Cranfield Aerospace Solutions (CAeS) has revealed the design of its 240kW hydrogen fuel cell system (HFCS), successfully integrating the technology into the nacelle of a Britten-Norman BN-2 Islander.
Packaged in the nacelle, which usually houses the BN-2’s piston or turbine engine, are the fuel cells, balance of plant and electric motors.
CAeS says the forward section of the nacelle houses the fuel cells, the balance of plant and electric motor, inverters and controllers, a pitch control unit, and all the electrical cabling/routing and cooling systems. The rear part of the nacelle contains the ground power interface and the high-voltage power distribution system.
“The successful integration of a 240kW system (110% of the power of the engine that it replaces) into the nacelle showcases CAeS’ ability to overcome these challenges and is a ‘miracle of packaging’ that underscores the feasibility of hydrogen-electric propulsion systems for aircraft,” says CAeS.
Meanwhile, the Reaction Engines-supplied heat exchangers are mounted around the existing main landing gear.
“This integration required meticulous planning, iterative design, and close coordination with partner Reaction Engines, to ensure optimal performance,” says CAeS.
CAeS is developing the powertrain as part of a UK government-backed initiative called Project Fresson to develop a hydrogen-powered demonstrator.

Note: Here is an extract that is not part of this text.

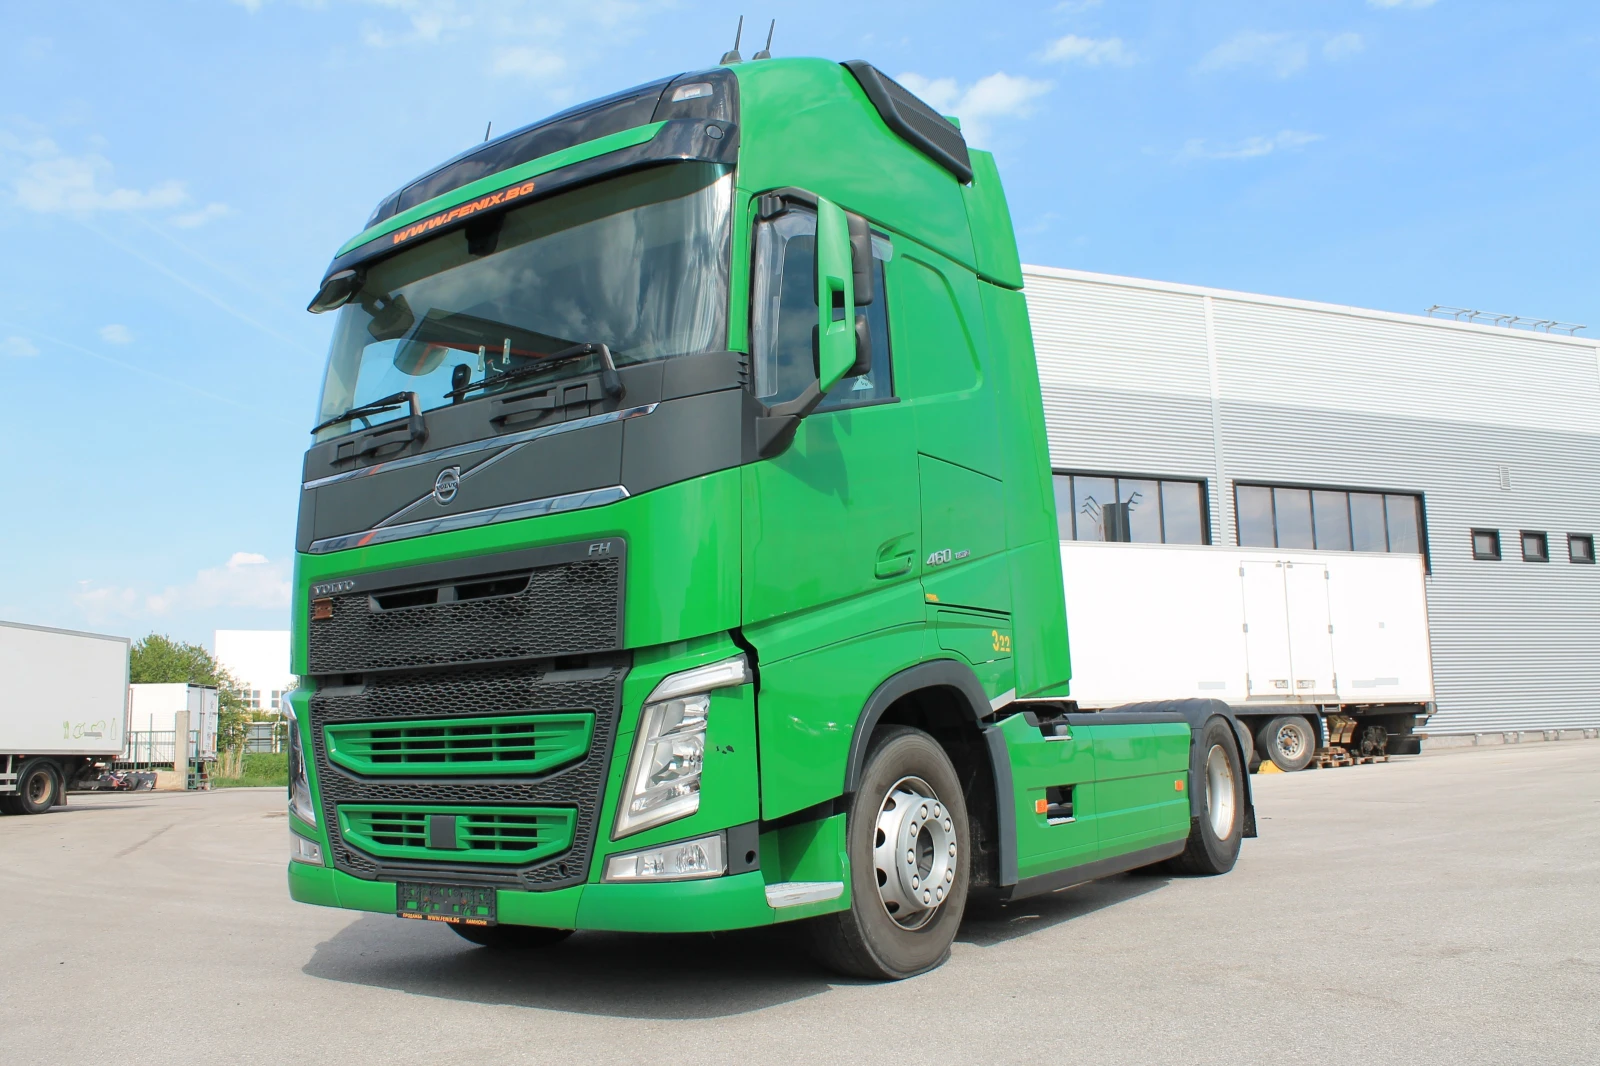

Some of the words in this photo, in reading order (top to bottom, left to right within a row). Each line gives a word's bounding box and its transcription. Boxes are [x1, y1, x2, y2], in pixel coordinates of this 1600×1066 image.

[393, 182, 535, 244] WWW.FENIX.BG
[588, 541, 612, 556] FH
[926, 548, 952, 567] 460
[313, 580, 355, 595] VOLVO

While that project – and CAeS’s initial sales efforts – focus on conversion of the venerable Islander, the company is already thinking about its next steps.

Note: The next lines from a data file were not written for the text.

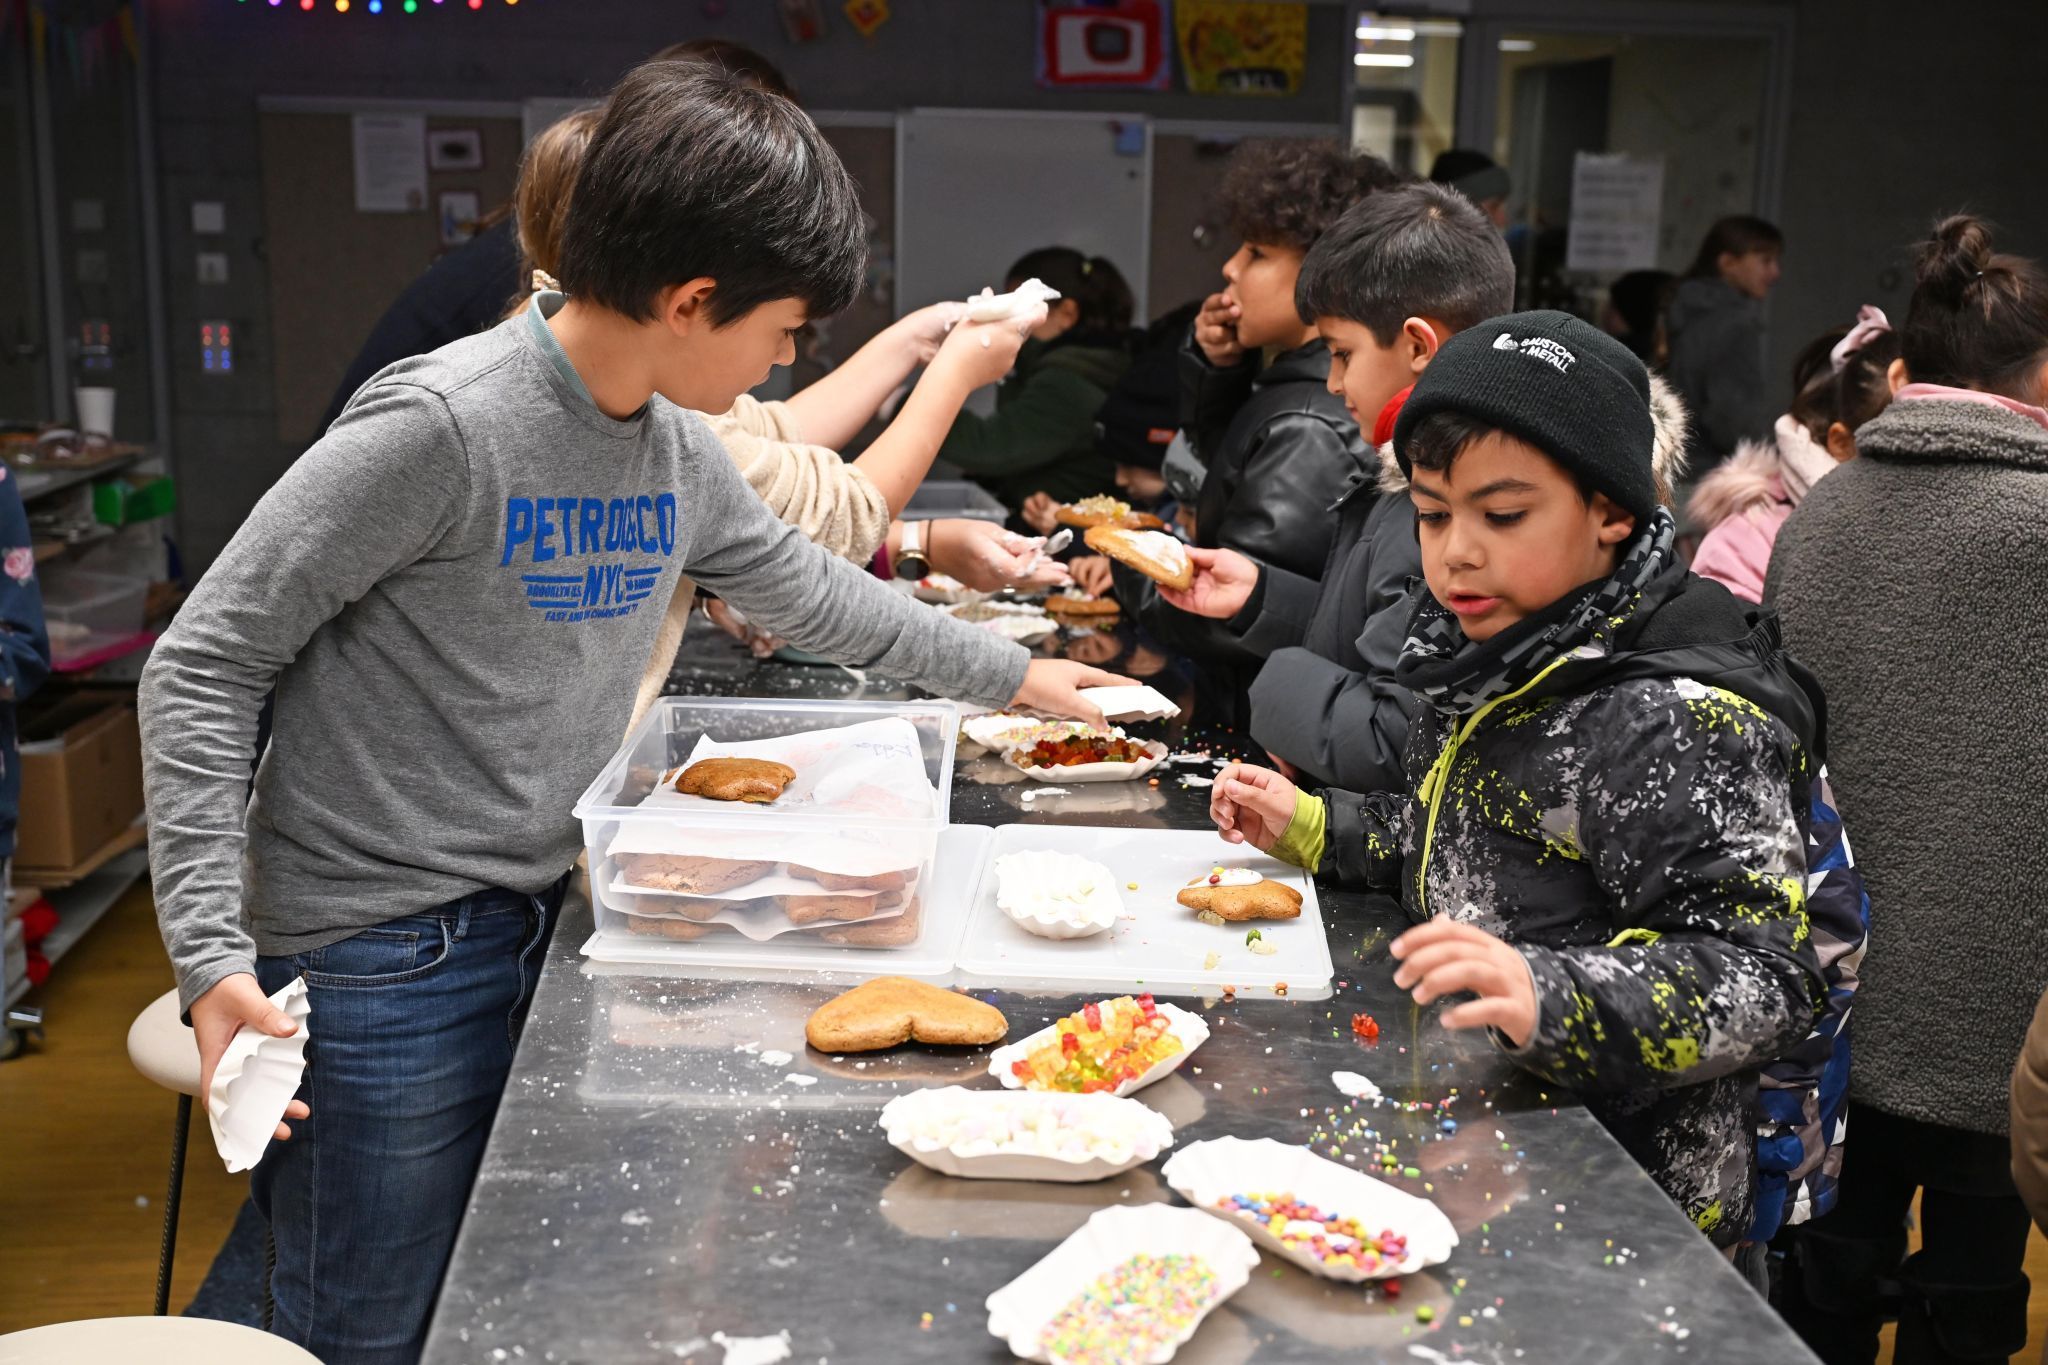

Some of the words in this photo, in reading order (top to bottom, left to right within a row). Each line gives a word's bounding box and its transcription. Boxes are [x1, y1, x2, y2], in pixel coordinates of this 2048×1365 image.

[1520, 337, 1576, 363] BAUSTOFF
[1527, 345, 1568, 373] METALL
[582, 563, 624, 606] NYC
[545, 611, 567, 622] FAST
[567, 610, 583, 622] AND

“With the successful packaging of the HFCS into the nacelle, CAeS can explore integration into other aircraft platforms and applications,” it says.
Despite posing the question “So, when will we see it fly?” in its press release, CAeS does not say when the modified Islander will get airborne. Its most recent target was for a first flight later in 2024.
Jenny Kavanagh, chief strategy officer at CAeS, adds: “The decision was taken early on in the programme that before proceeding to ground and flight test, we had to ensure that we had solved the packaging and thermal management challenges that underpin the commercial viability of the technology.
“Now that this significant milestone has been achieved, CAeS is progressing to the next stage of the project and to launching into manufacture for the testing campaign.”